45 Youth from across the Arctic were invited by their Permanent Participants to attend Regional workshops in Ottawa, Canada (September 2018); Inari, Finland (October 2018); and Nuuk, Greenland (April 2019).  A circumpolar workshop, held in Inari, Finland in February 2019, brought together youth from across Arctic States and PPOs. Together participants created 40 digital stories, with 35 consenting to share their stories on social media.

In each workshop, youth participated in a story circle to tell their own stories. Facilitators worked with each youth to support them in writing, audio recording, photography, filming, and editing their own stories. Each workshop ended with an opportunity for youth to screen their stories to the group, and to participate in a closing sharing group to discuss the messages of their stories, and their ideas and hopes for wellness and suicide prevention.


Key Findings

Storytelling was an effective way of eliciting personal experience related to both suicide and resilience. These stories surfaced areas of interest and importance to this group of circumpolar youth, such as: aspects of identity(ies); the political and social context of their lives; the importance of land and place, and of ancestry and community; and the residue of intergenerational trauma, even as the youth face the future with strength and hope. Many also carry the memory of friends and loved ones with futures lost to suicide.

The storytelling process not only conveys meaning, but helps to build meaning, and to share that with others. The exchange of stories among the youth from different circumpolar communities generated a strong imagined community of shared meaning, and shared bonds.

The youth stories were readily shareable through the digital medium, both among the youth groups, across circumpolar youth groups, and to other audiences.
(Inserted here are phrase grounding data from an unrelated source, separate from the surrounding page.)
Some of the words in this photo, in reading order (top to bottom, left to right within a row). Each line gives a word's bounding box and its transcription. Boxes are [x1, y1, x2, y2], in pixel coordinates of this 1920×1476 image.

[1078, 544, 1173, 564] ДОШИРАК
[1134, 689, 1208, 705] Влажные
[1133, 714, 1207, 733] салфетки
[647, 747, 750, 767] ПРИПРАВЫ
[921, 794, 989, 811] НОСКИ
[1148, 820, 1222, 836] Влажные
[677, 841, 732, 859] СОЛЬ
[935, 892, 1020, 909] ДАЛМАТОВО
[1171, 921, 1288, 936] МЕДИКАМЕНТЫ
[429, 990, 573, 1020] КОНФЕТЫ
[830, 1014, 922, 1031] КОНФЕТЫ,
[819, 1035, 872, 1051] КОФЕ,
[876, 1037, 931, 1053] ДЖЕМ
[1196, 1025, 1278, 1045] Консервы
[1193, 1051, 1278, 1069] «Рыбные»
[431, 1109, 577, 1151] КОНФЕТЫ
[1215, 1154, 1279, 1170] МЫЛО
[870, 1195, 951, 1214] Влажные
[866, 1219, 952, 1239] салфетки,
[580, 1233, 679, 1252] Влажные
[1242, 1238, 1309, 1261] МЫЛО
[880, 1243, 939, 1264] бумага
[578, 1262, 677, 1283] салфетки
The storytelling activities accomplished the goal of engaging youth in a way that they experienced as meaningful.

Through follow-up focus groups, youth spoke about the use of the storytelling space as a safe space to speak directly about suicide, and about their life and emotional experiences. They expressed the wish to address suicide and to have an impact on suicide prevention.
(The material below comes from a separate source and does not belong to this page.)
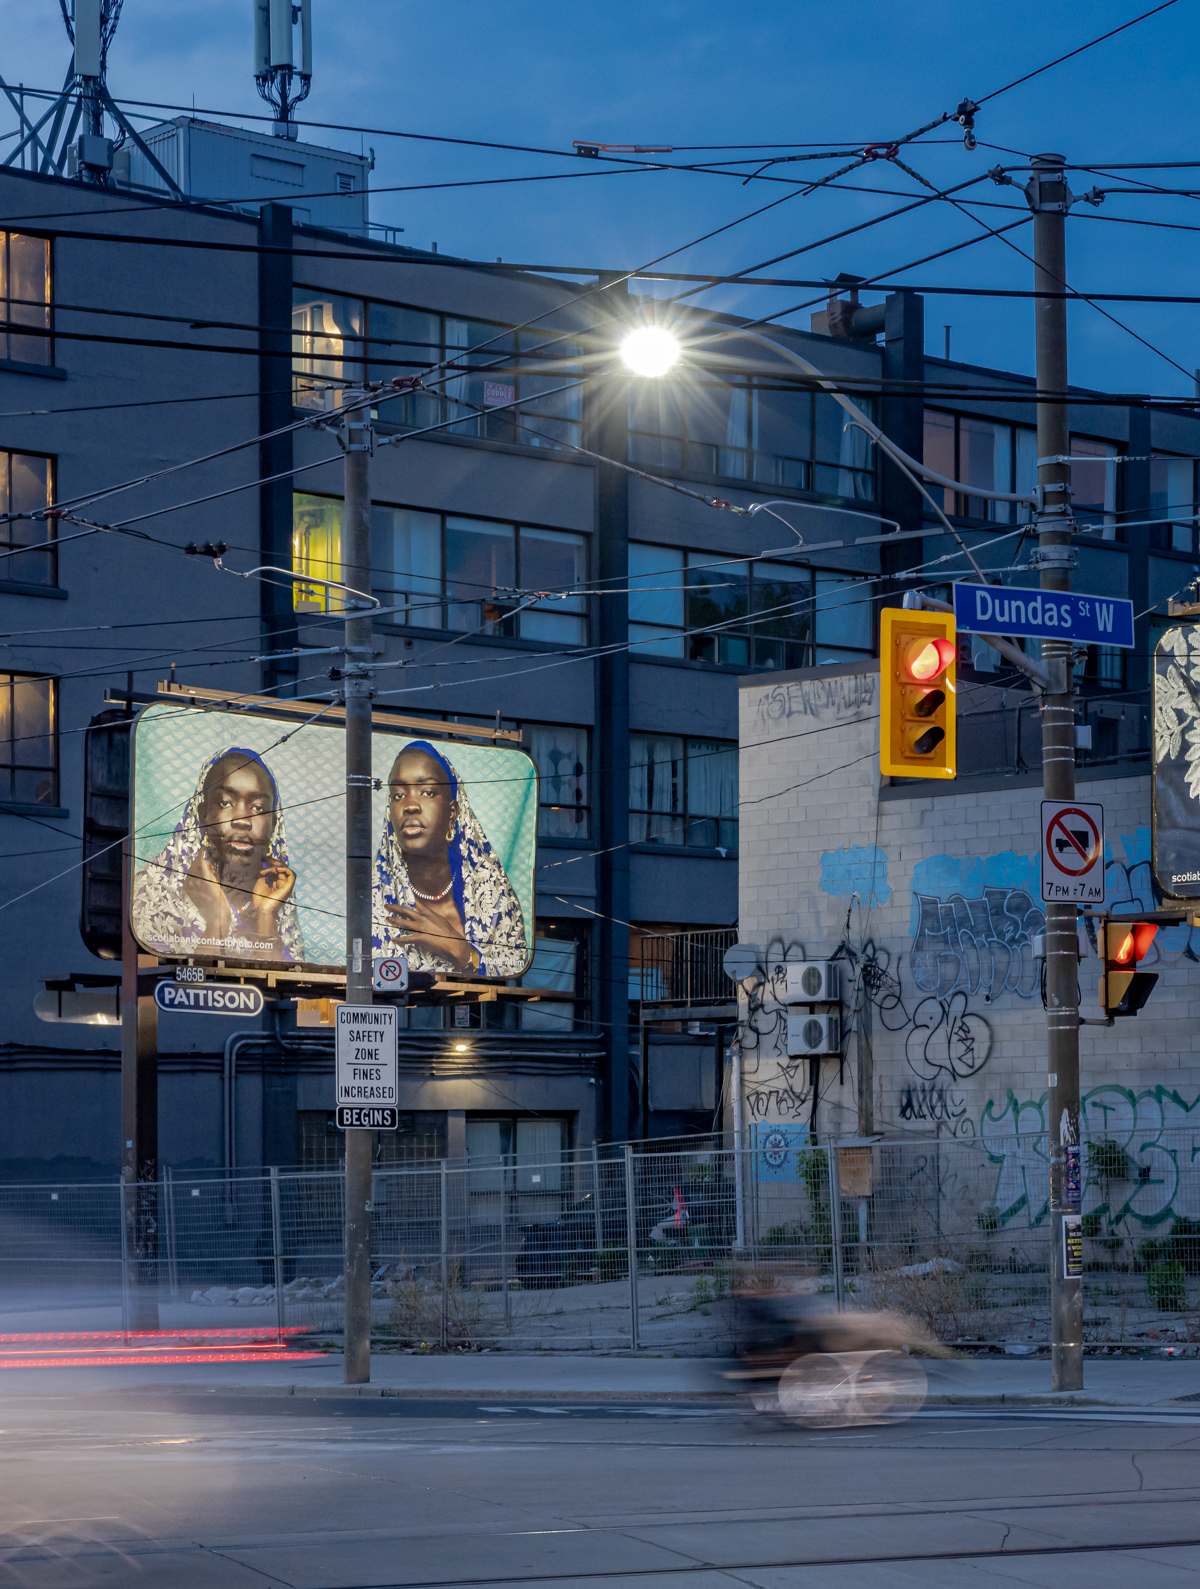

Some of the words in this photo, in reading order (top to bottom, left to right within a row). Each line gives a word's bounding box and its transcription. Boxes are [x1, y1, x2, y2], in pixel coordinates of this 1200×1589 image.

Specific conclusions, including actions that youth would like to see undertaken, and to be part of:

  1. Youth want to be involved in suicide prevention efforts, and they have meaningful contributions to make.

  2. Youth want a culturally safe space to talk about suicide, and many want to have direct conversation about suicide in addition to talking about resilience.

  3. Youth value a circumpolar forum and opportunity for dialogue with other youth across circumpolar communities and contexts. They derive a sense of belonging, hope and decreased isolation from this community.

  4. Youth validated many of the outcomes from previous areas of focus of SDWG suicide prevention activities (e.g. RISING SUN). Many stories addressed stigma and used youth voice to defeat silence around mental health, addictions, and suicide.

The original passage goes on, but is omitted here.